» WHAT YOU SHOULD DO
Output what the records say, word for word, with no images.
_ _ _ _
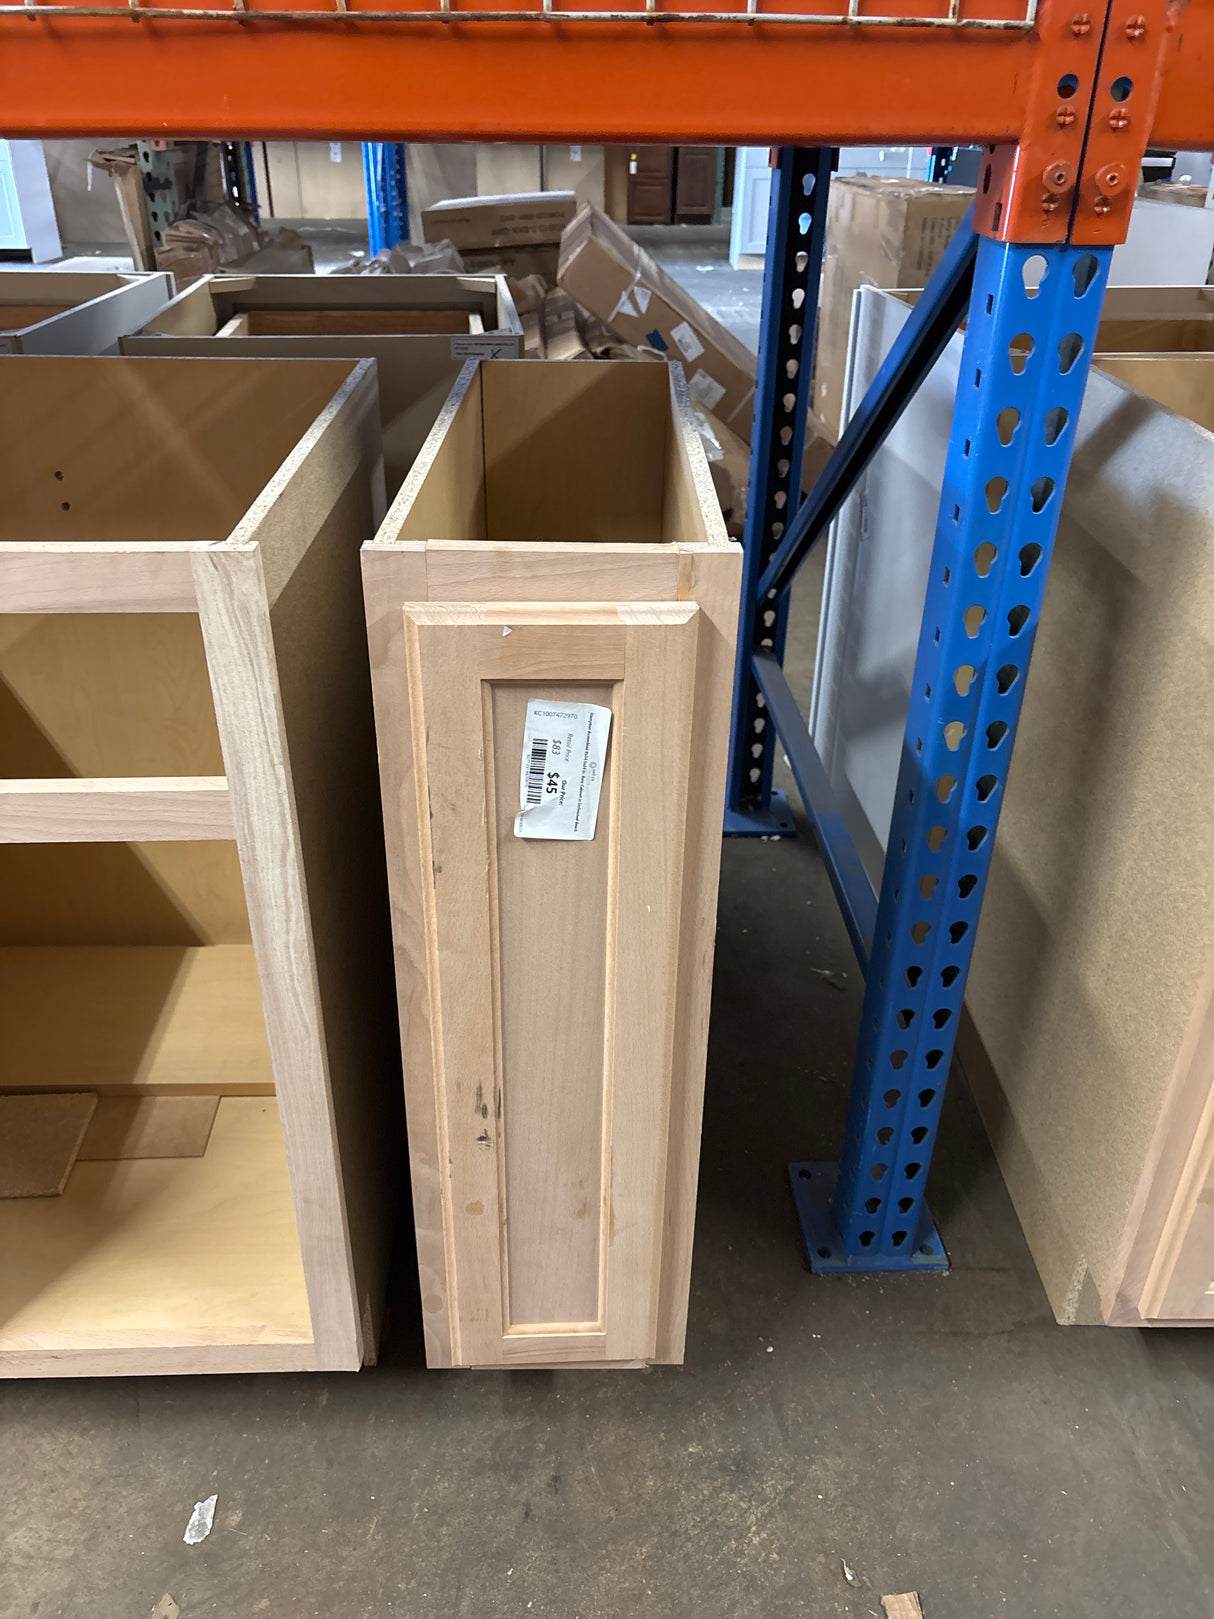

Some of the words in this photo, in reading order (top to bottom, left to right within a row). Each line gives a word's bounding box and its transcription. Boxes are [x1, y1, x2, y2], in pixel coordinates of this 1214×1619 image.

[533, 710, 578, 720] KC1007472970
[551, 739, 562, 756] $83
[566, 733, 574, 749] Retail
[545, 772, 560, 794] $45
_ _ _ _
» RESPONSE
Some of the words in this photo, in reading order (top to bottom, left to right within a row). Each line gives a word's bounding box and its transcription. Boxes are [x1, y1, x2, y2], in pixel coordinates of this 1214×1619 image.

[533, 710, 578, 720] KC1007472970
[551, 739, 562, 756] $83
[566, 733, 574, 749] Retail
[545, 772, 560, 794] $45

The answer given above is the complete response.